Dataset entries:
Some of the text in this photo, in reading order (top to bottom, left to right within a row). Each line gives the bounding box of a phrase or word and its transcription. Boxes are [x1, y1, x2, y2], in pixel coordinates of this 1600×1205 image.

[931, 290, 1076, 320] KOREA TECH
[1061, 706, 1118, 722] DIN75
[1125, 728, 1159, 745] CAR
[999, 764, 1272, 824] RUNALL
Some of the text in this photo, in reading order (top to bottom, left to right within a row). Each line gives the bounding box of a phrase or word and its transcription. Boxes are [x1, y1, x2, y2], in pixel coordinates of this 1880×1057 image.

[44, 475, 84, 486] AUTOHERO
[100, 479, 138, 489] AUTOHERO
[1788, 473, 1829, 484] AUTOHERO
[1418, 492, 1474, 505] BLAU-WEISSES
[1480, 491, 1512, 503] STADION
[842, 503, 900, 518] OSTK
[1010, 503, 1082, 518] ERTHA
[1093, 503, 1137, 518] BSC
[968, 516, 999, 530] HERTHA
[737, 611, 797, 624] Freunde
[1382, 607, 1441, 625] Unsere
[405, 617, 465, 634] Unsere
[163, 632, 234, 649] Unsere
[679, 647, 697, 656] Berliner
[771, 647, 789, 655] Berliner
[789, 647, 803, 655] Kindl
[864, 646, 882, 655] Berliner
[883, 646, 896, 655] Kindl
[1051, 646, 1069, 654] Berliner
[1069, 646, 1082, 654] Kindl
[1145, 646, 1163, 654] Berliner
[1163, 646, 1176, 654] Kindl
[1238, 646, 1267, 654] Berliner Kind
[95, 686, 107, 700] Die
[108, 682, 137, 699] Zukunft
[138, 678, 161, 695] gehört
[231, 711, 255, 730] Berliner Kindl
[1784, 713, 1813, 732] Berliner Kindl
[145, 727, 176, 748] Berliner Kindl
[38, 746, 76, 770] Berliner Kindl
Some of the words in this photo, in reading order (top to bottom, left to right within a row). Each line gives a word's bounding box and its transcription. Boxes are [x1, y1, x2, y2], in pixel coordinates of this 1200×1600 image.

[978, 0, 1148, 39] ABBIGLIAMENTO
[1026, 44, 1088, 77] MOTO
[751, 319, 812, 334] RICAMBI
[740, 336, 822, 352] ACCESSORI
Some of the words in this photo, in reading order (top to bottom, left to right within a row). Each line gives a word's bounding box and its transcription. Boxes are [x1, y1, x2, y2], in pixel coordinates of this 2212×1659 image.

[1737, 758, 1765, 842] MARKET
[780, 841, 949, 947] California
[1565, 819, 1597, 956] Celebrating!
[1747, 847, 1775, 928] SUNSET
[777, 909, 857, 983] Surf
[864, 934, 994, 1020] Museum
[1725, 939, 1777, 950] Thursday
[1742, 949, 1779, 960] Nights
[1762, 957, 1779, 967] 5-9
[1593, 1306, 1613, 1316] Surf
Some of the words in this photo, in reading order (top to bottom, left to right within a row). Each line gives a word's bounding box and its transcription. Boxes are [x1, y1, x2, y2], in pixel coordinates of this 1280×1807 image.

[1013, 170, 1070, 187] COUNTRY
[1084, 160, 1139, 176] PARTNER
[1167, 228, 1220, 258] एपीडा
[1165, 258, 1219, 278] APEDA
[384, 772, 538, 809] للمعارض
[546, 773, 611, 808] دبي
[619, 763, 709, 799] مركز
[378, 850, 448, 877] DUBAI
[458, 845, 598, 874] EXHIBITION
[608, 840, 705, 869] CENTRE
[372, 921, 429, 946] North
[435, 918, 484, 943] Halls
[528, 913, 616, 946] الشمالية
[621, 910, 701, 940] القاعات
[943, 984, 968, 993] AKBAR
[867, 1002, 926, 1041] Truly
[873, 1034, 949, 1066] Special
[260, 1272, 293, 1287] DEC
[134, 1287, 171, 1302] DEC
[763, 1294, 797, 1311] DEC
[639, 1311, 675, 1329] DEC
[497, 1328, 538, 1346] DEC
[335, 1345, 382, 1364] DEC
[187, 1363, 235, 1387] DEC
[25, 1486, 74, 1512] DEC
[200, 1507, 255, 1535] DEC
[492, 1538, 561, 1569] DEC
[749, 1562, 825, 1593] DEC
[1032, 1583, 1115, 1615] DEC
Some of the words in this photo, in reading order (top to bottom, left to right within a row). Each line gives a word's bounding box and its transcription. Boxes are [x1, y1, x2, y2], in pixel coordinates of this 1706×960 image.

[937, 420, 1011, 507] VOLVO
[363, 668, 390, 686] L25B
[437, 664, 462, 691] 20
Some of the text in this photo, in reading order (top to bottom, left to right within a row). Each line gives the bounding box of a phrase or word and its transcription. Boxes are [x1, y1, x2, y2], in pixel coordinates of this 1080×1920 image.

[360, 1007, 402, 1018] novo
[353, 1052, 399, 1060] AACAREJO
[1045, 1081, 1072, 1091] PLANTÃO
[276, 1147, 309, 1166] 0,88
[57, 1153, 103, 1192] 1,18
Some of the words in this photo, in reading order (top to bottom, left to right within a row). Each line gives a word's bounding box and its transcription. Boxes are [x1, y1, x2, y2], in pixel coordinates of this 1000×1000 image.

WHAT IS BEING ASKED:
Restate the records above word for word, omitting nothing.

RESULT OF THIS TASK:
Some of the text in this photo, in reading order (top to bottom, left to right within a row). Each line gives the bounding box of a phrase or word and its transcription. Boxes are [x1, y1, x2, y2], in pixel coordinates of this 1600×1205 image.

[931, 290, 1076, 320] KOREA TECH
[1061, 706, 1118, 722] DIN75
[1125, 728, 1159, 745] CAR
[999, 764, 1272, 824] RUNALL
Some of the text in this photo, in reading order (top to bottom, left to right within a row). Each line gives the bounding box of a phrase or word and its transcription. Boxes are [x1, y1, x2, y2], in pixel coordinates of this 1880×1057 image.

[44, 475, 84, 486] AUTOHERO
[100, 479, 138, 489] AUTOHERO
[1788, 473, 1829, 484] AUTOHERO
[1418, 492, 1474, 505] BLAU-WEISSES
[1480, 491, 1512, 503] STADION
[842, 503, 900, 518] OSTK
[1010, 503, 1082, 518] ERTHA
[1093, 503, 1137, 518] BSC
[968, 516, 999, 530] HERTHA
[737, 611, 797, 624] Freunde
[1382, 607, 1441, 625] Unsere
[405, 617, 465, 634] Unsere
[163, 632, 234, 649] Unsere
[679, 647, 697, 656] Berliner
[771, 647, 789, 655] Berliner
[789, 647, 803, 655] Kindl
[864, 646, 882, 655] Berliner
[883, 646, 896, 655] Kindl
[1051, 646, 1069, 654] Berliner
[1069, 646, 1082, 654] Kindl
[1145, 646, 1163, 654] Berliner
[1163, 646, 1176, 654] Kindl
[1238, 646, 1267, 654] Berliner Kind
[95, 686, 107, 700] Die
[108, 682, 137, 699] Zukunft
[138, 678, 161, 695] gehört
[231, 711, 255, 730] Berliner Kindl
[1784, 713, 1813, 732] Berliner Kindl
[145, 727, 176, 748] Berliner Kindl
[38, 746, 76, 770] Berliner Kindl
Some of the words in this photo, in reading order (top to bottom, left to right within a row). Each line gives a word's bounding box and its transcription. Boxes are [x1, y1, x2, y2], in pixel coordinates of this 1200×1600 image.

[978, 0, 1148, 39] ABBIGLIAMENTO
[1026, 44, 1088, 77] MOTO
[751, 319, 812, 334] RICAMBI
[740, 336, 822, 352] ACCESSORI
Some of the words in this photo, in reading order (top to bottom, left to right within a row). Each line gives a word's bounding box and its transcription. Boxes are [x1, y1, x2, y2], in pixel coordinates of this 2212×1659 image.

[1737, 758, 1765, 842] MARKET
[780, 841, 949, 947] California
[1565, 819, 1597, 956] Celebrating!
[1747, 847, 1775, 928] SUNSET
[777, 909, 857, 983] Surf
[864, 934, 994, 1020] Museum
[1725, 939, 1777, 950] Thursday
[1742, 949, 1779, 960] Nights
[1762, 957, 1779, 967] 5-9
[1593, 1306, 1613, 1316] Surf
Some of the words in this photo, in reading order (top to bottom, left to right within a row). Each line gives a word's bounding box and its transcription. Boxes are [x1, y1, x2, y2], in pixel coordinates of this 1280×1807 image.

[1013, 170, 1070, 187] COUNTRY
[1084, 160, 1139, 176] PARTNER
[1167, 228, 1220, 258] एपीडा
[1165, 258, 1219, 278] APEDA
[384, 772, 538, 809] للمعارض
[546, 773, 611, 808] دبي
[619, 763, 709, 799] مركز
[378, 850, 448, 877] DUBAI
[458, 845, 598, 874] EXHIBITION
[608, 840, 705, 869] CENTRE
[372, 921, 429, 946] North
[435, 918, 484, 943] Halls
[528, 913, 616, 946] الشمالية
[621, 910, 701, 940] القاعات
[943, 984, 968, 993] AKBAR
[867, 1002, 926, 1041] Truly
[873, 1034, 949, 1066] Special
[260, 1272, 293, 1287] DEC
[134, 1287, 171, 1302] DEC
[763, 1294, 797, 1311] DEC
[639, 1311, 675, 1329] DEC
[497, 1328, 538, 1346] DEC
[335, 1345, 382, 1364] DEC
[187, 1363, 235, 1387] DEC
[25, 1486, 74, 1512] DEC
[200, 1507, 255, 1535] DEC
[492, 1538, 561, 1569] DEC
[749, 1562, 825, 1593] DEC
[1032, 1583, 1115, 1615] DEC
Some of the words in this photo, in reading order (top to bottom, left to right within a row). Each line gives a word's bounding box and its transcription. Boxes are [x1, y1, x2, y2], in pixel coordinates of this 1706×960 image.

[937, 420, 1011, 507] VOLVO
[363, 668, 390, 686] L25B
[437, 664, 462, 691] 20
Some of the text in this photo, in reading order (top to bottom, left to right within a row). Each line gives the bounding box of a phrase or word and its transcription. Boxes are [x1, y1, x2, y2], in pixel coordinates of this 1080×1920 image.

[360, 1007, 402, 1018] novo
[353, 1052, 399, 1060] AACAREJO
[1045, 1081, 1072, 1091] PLANTÃO
[276, 1147, 309, 1166] 0,88
[57, 1153, 103, 1192] 1,18
Some of the words in this photo, in reading order (top to bottom, left to right within a row). Each line gives a word's bounding box and its transcription. Boxes are [x1, y1, x2, y2], in pixel coordinates of this 1000×1000 image.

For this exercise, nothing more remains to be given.